Camtasia, uTorrent, DuetDisplay, Sketch, you name it, are just some of a huge number of Mac apps at risk of being hijacked: they are the potential victims of man-in-the-middle attacks. The vulnerability lies within the tangles of Sparkle, the third-party software framework that Mac apps utilize to receive updates.
A vulnerable version of Sparkle, together with an unencrypted HTTP channel used to receive data is the noxious brew that can result into Mac apps being exposed. Attackers could potentially tamper with the interaction between the end user and the server by injecting malicious code. Researchers by the name of Radek and Margaritelli demonstrated that vulnerabilities could be exploited on newer – a fully patched Mac with VLC Media Player’s latest version installed – or older Mac platforms.
Radek indicated that a “huge” number of Mac apps are affected, but was not able to specify the exact amount as it is difficult to identify all the conditions necessary for the apps to be vulnerable to attacks.
Jonathan Zdziarsky, a computer forensics expert, listed also the Hopper reverse engineering tool and DXO Optics Pro as prospective victims of man-in-the-middle “ambushes”.

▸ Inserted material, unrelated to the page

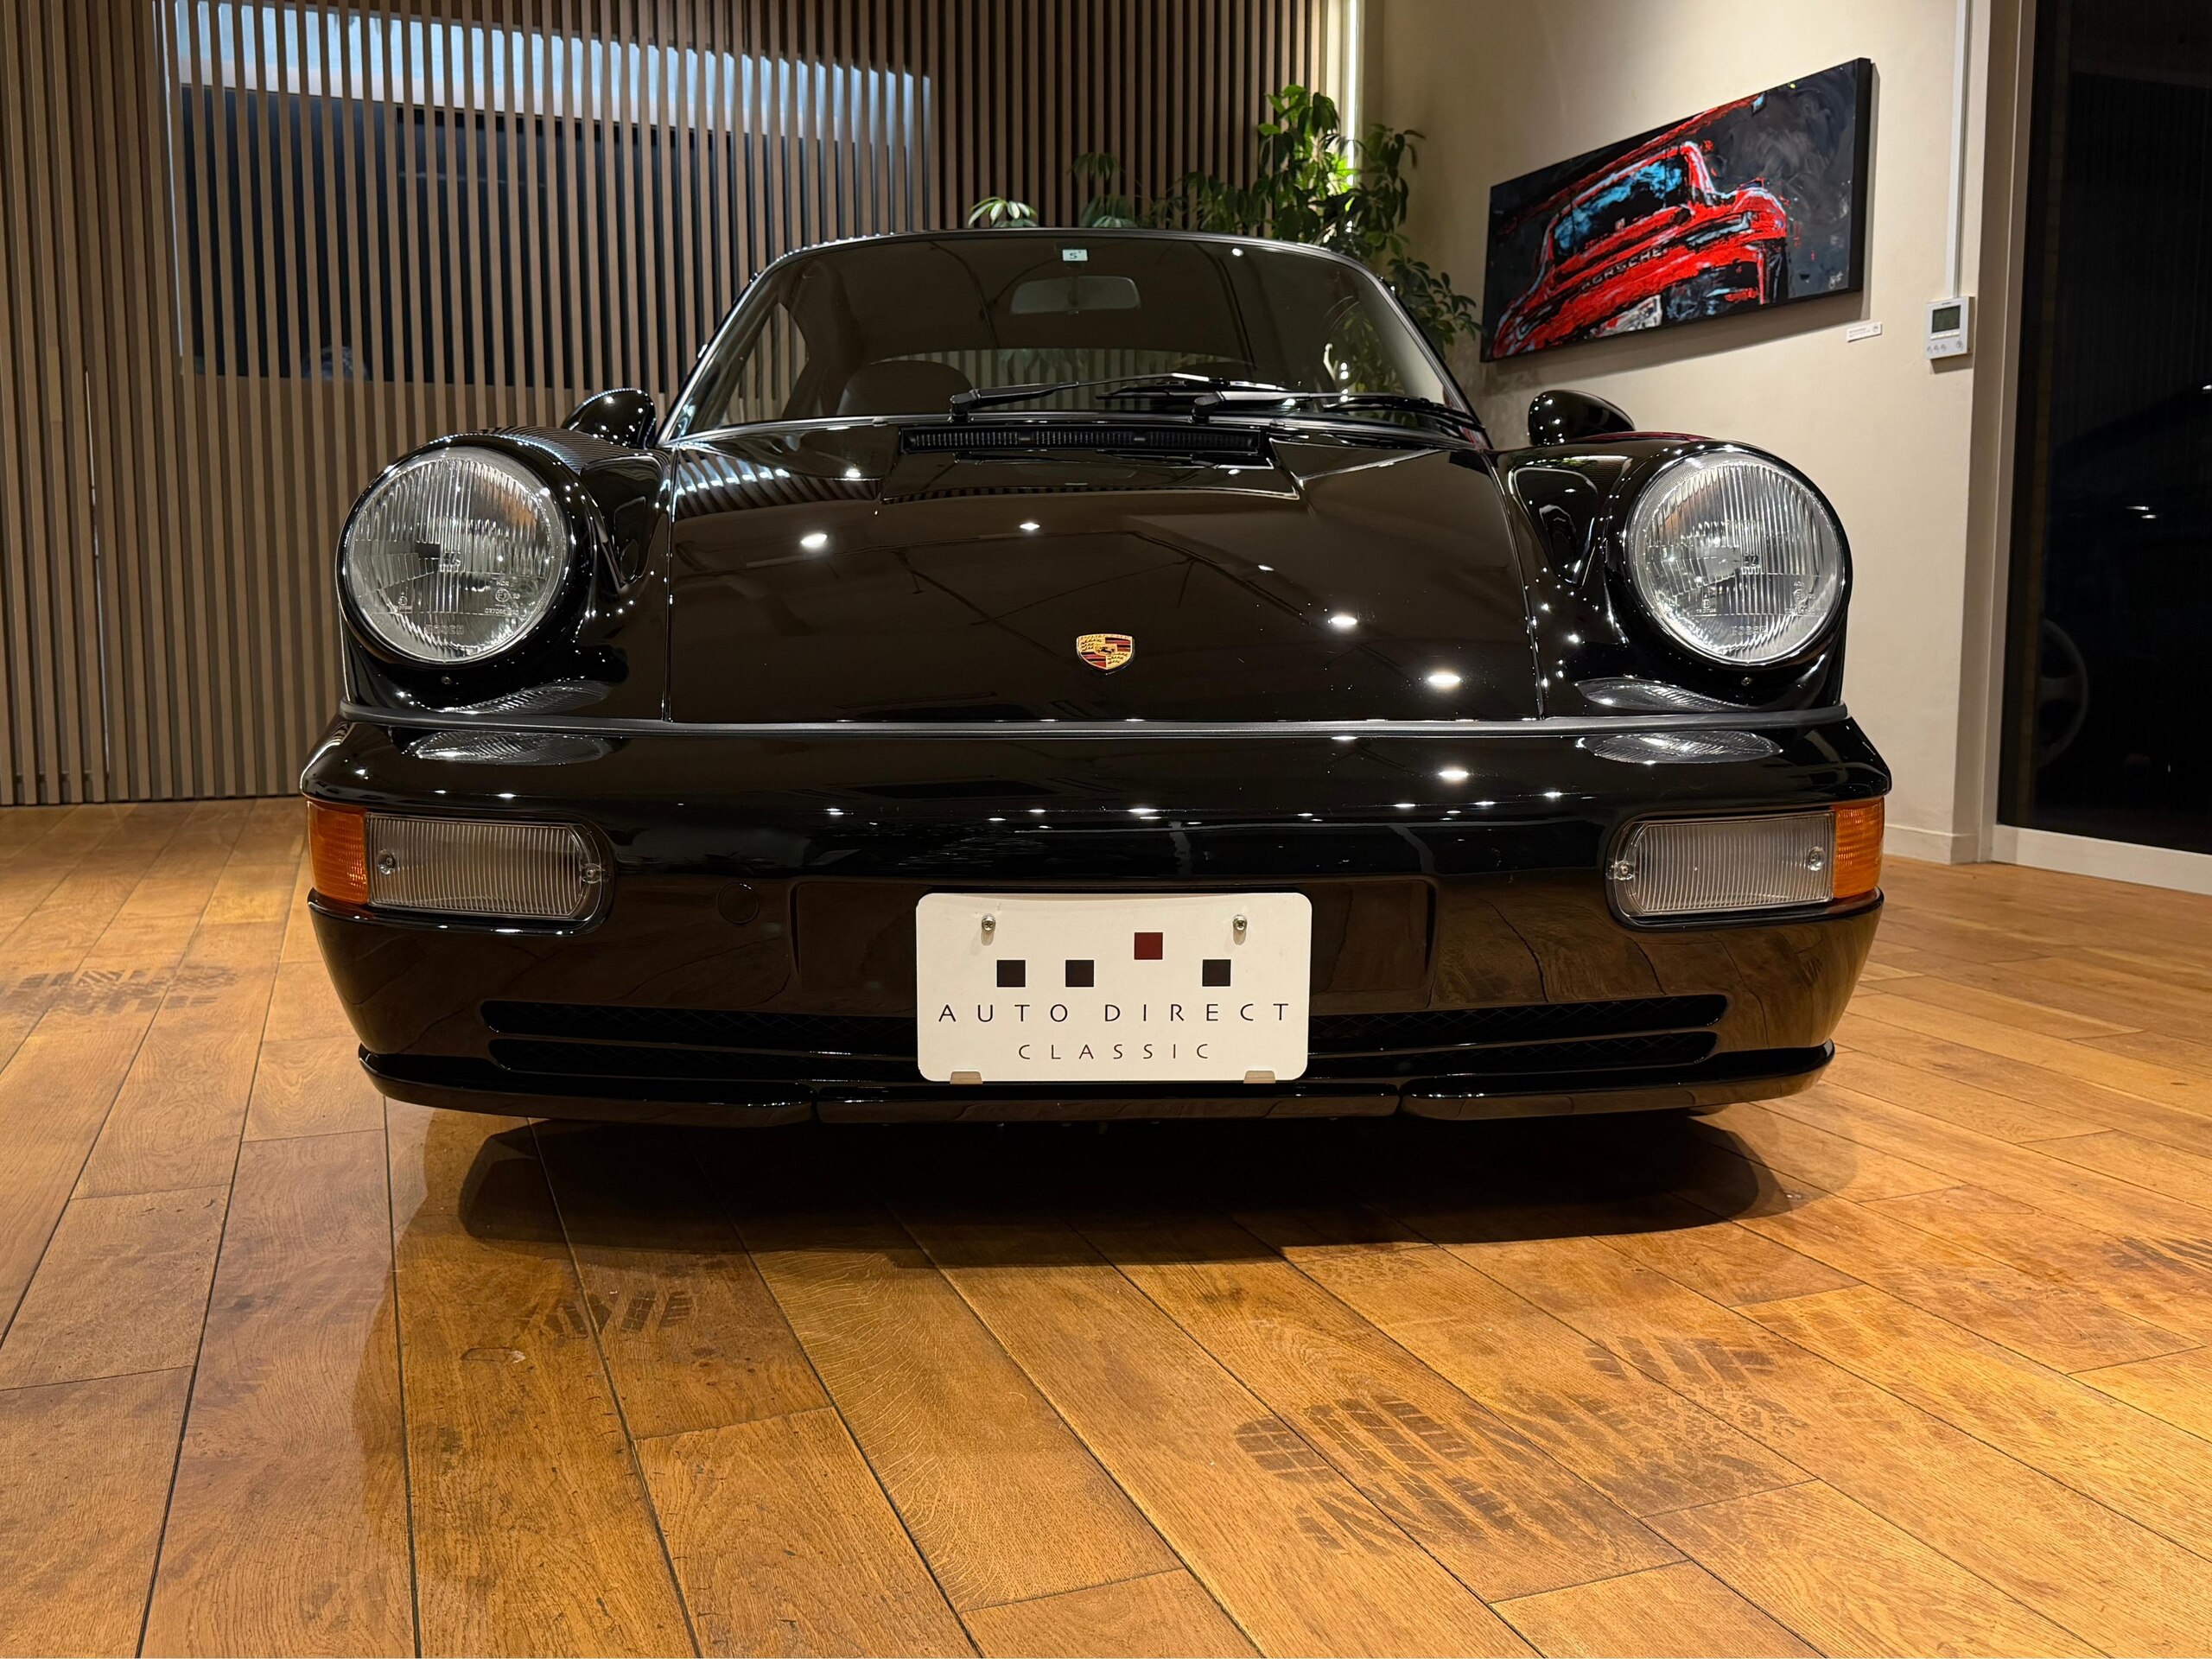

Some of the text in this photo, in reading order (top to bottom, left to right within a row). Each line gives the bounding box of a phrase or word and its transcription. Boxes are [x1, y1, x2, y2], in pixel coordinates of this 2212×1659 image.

Users be reassured that not all of the Mac apps communicate with an unencrypted, hence insecure, HTTP channel, nor all of them use a vulnerable version of Sparkle: as an example, Margaritelli indicates Adium instant messenger as using HTTP channels for updates and yet it’s not thought to be vulnerable.

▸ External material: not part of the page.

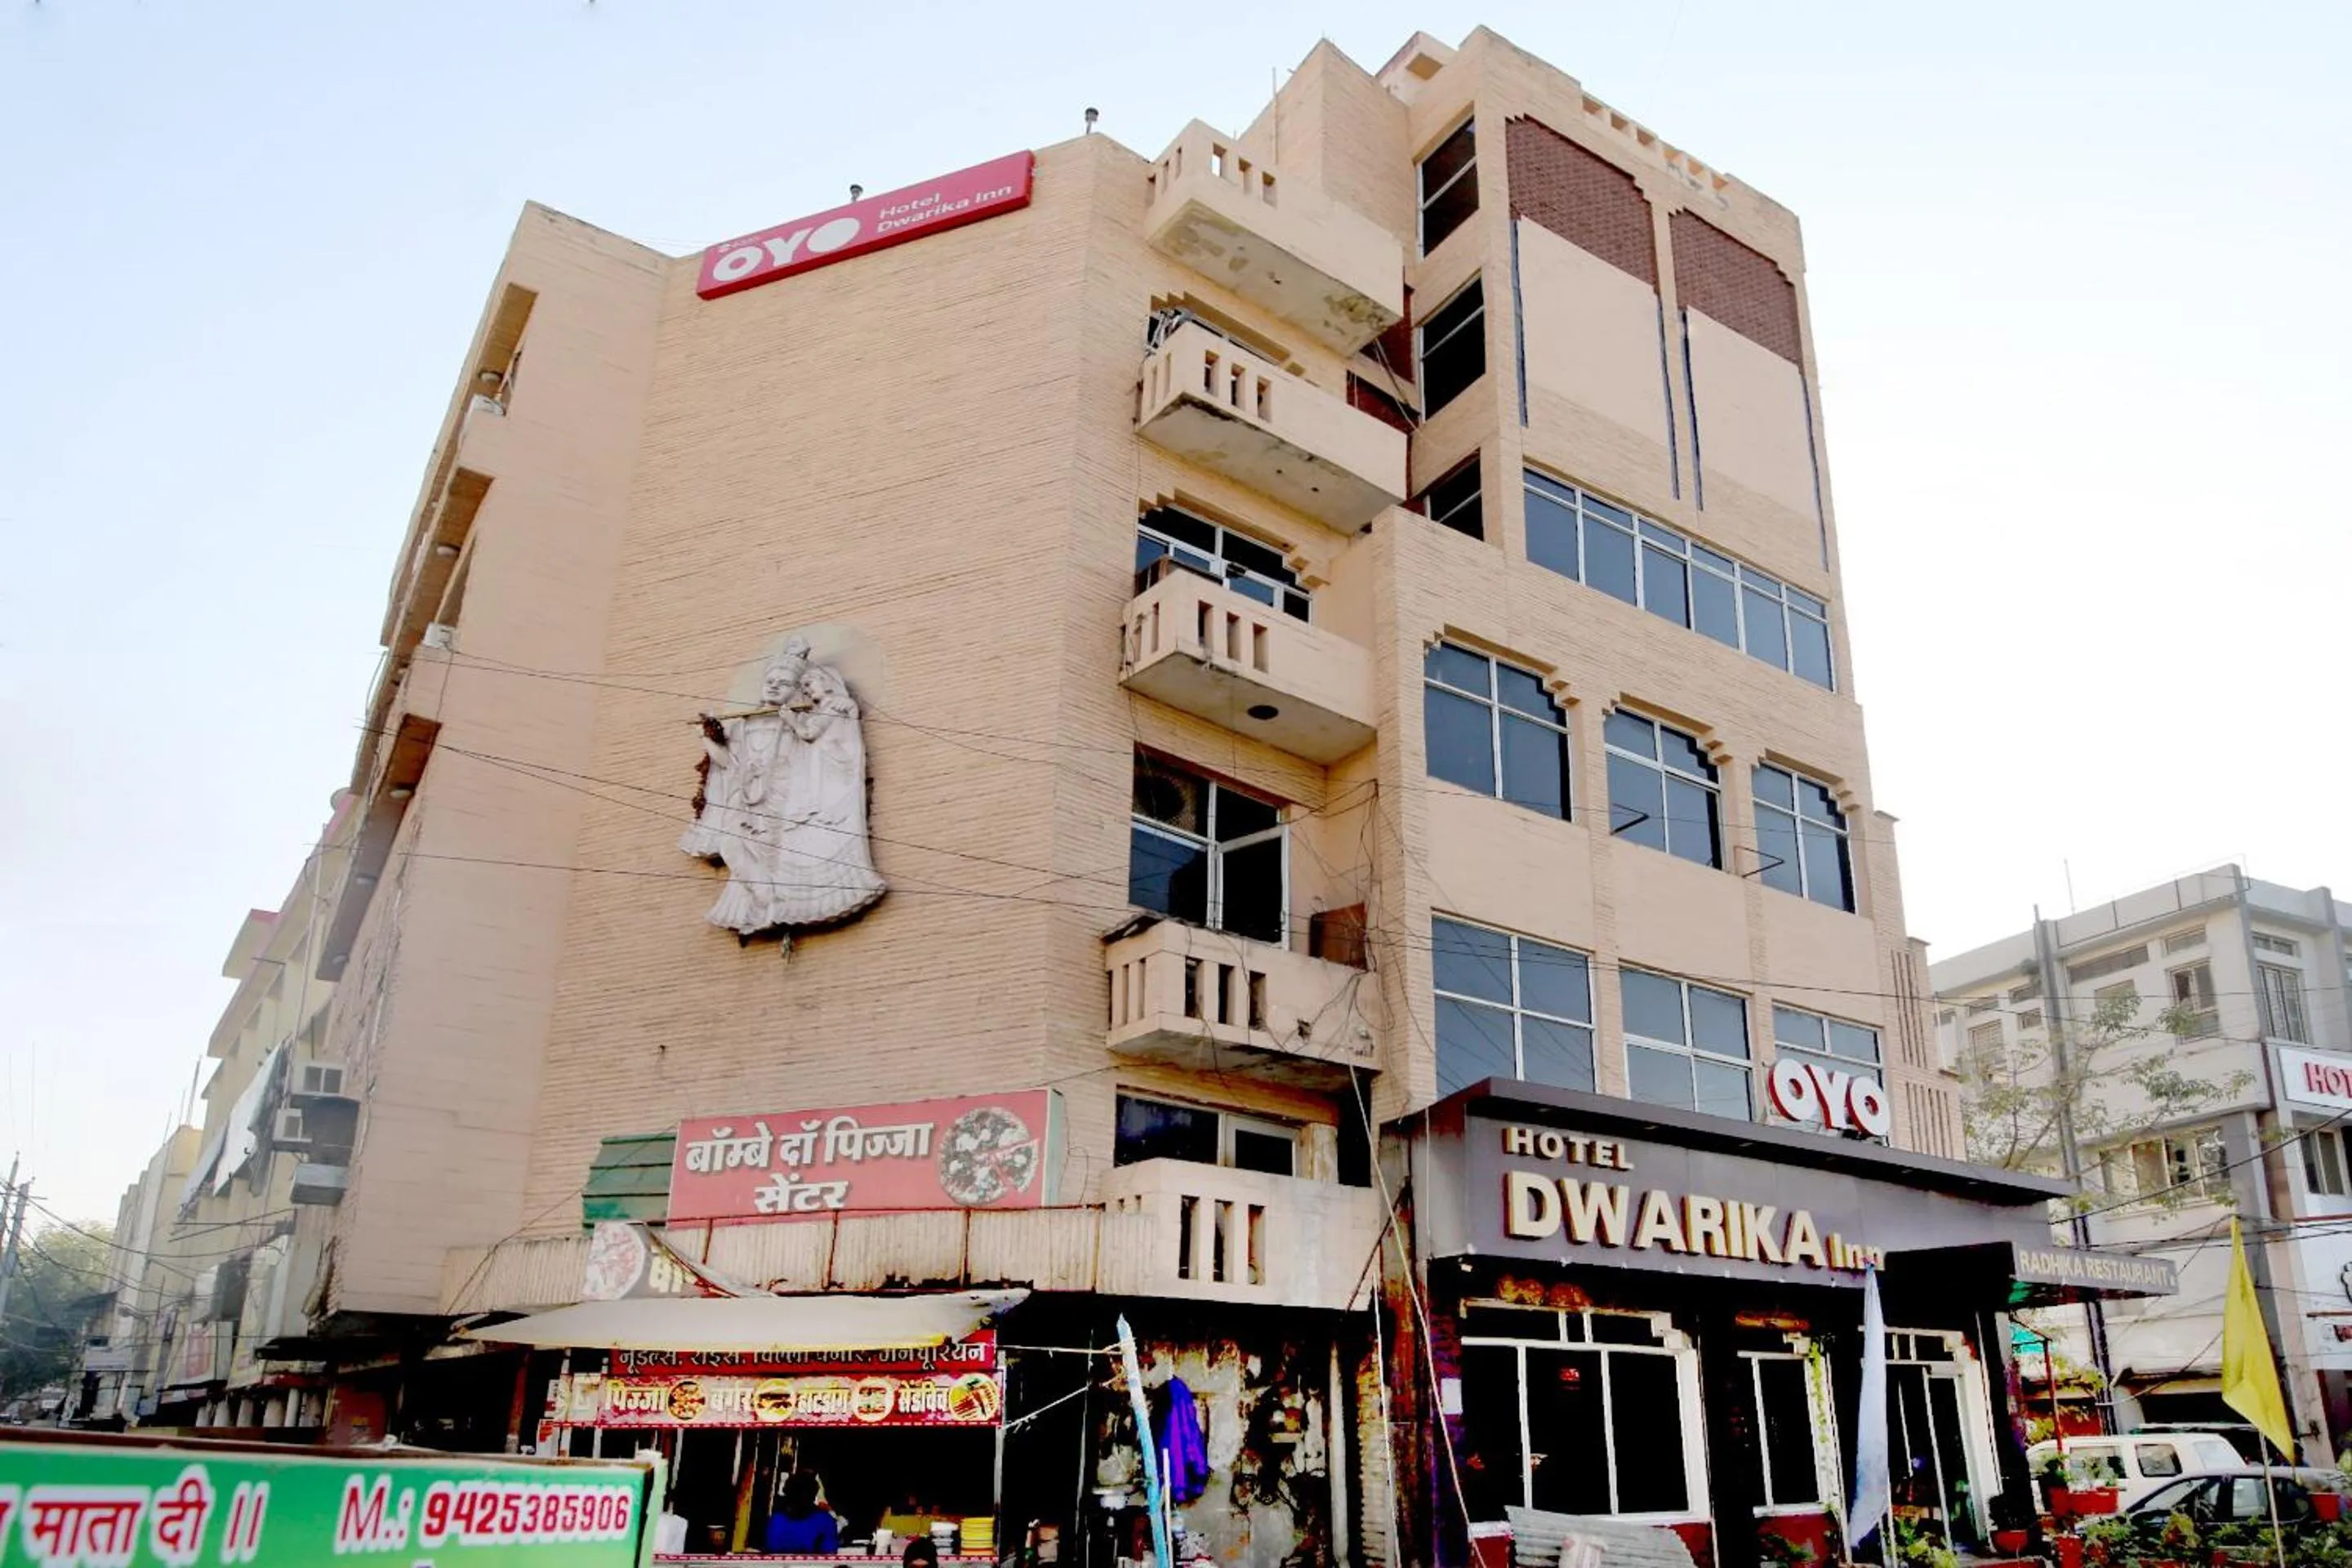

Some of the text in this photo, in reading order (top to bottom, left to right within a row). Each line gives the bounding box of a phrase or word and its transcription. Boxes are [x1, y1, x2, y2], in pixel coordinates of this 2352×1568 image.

Radek pointed out that another, separate vulnerability was found in Sparkle – a less threatening one, though – through which attackers could have easily replaced one of the update files with a malicious one. Even though Sparkle already released fixes for both vulnerabilities, the problem lies in the installing part: Radek, in fact, explained that developers would have to go through the process of having to update Sparkle framework within their apps, which is not exactly child’s play.

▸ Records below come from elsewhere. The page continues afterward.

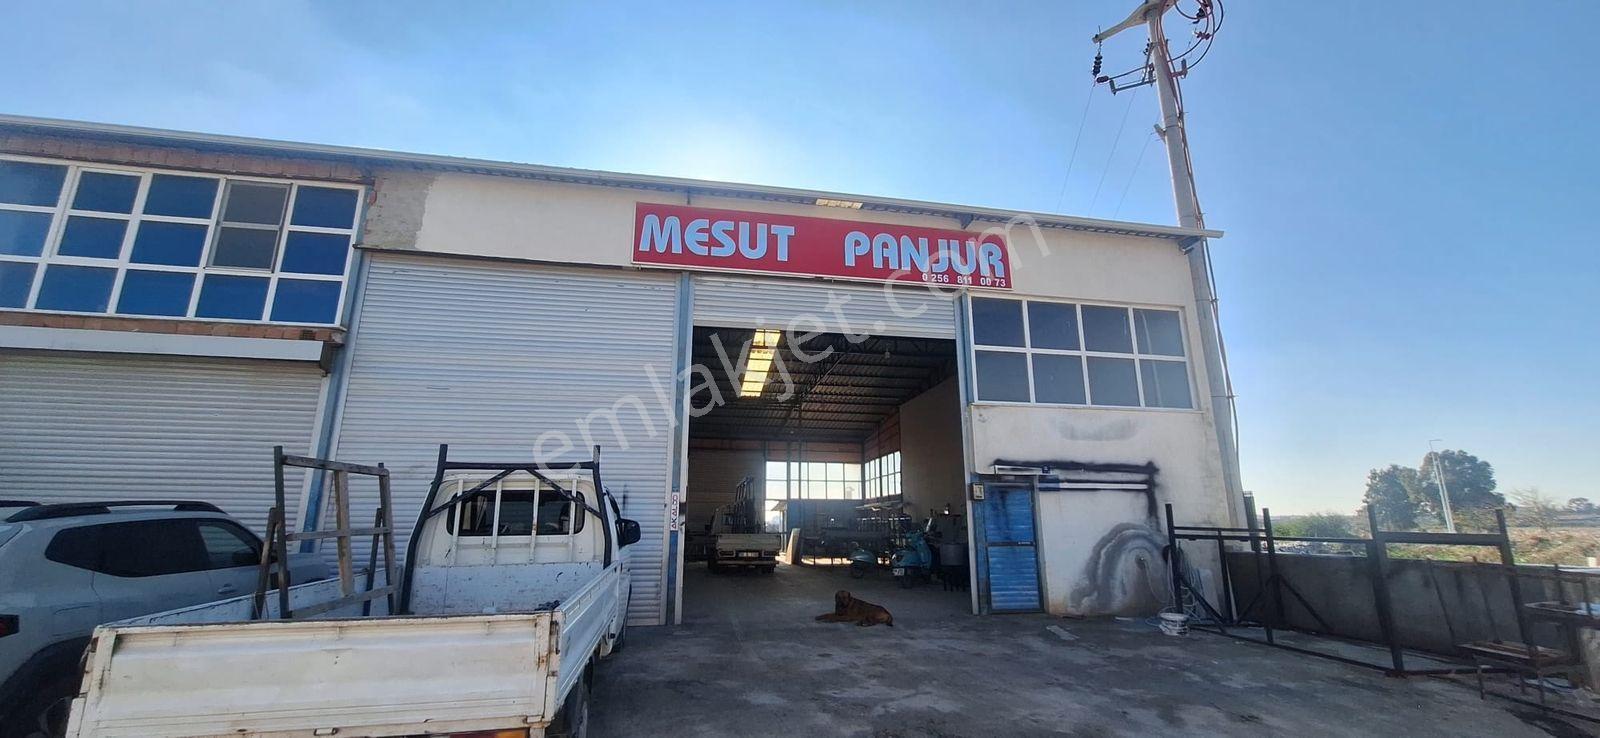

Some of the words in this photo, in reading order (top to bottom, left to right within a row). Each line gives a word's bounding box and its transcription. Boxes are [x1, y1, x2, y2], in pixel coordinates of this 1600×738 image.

[638, 213, 796, 262] MESUT
[843, 230, 1005, 278] PANJUR
[922, 273, 928, 281] 0
[931, 274, 949, 283] 256
[957, 275, 973, 285] 811
[980, 277, 992, 287] 00
[995, 278, 1006, 287] 73

Challenges lie on both sides: app developers are grappled with security flaws and end users are struggling to find secure apps. It’s good practice, when not sure if a Mac app is exposed to malicious attacks, not to use unsecured Wi-Fi networks and opt instead for secured connections.
Even in this case, there is no certainty of totally being out of danger but this will definitely reduce the chances of being exposed as attackers would have to have access to a phone network or Internet backbone and possibly be government spies.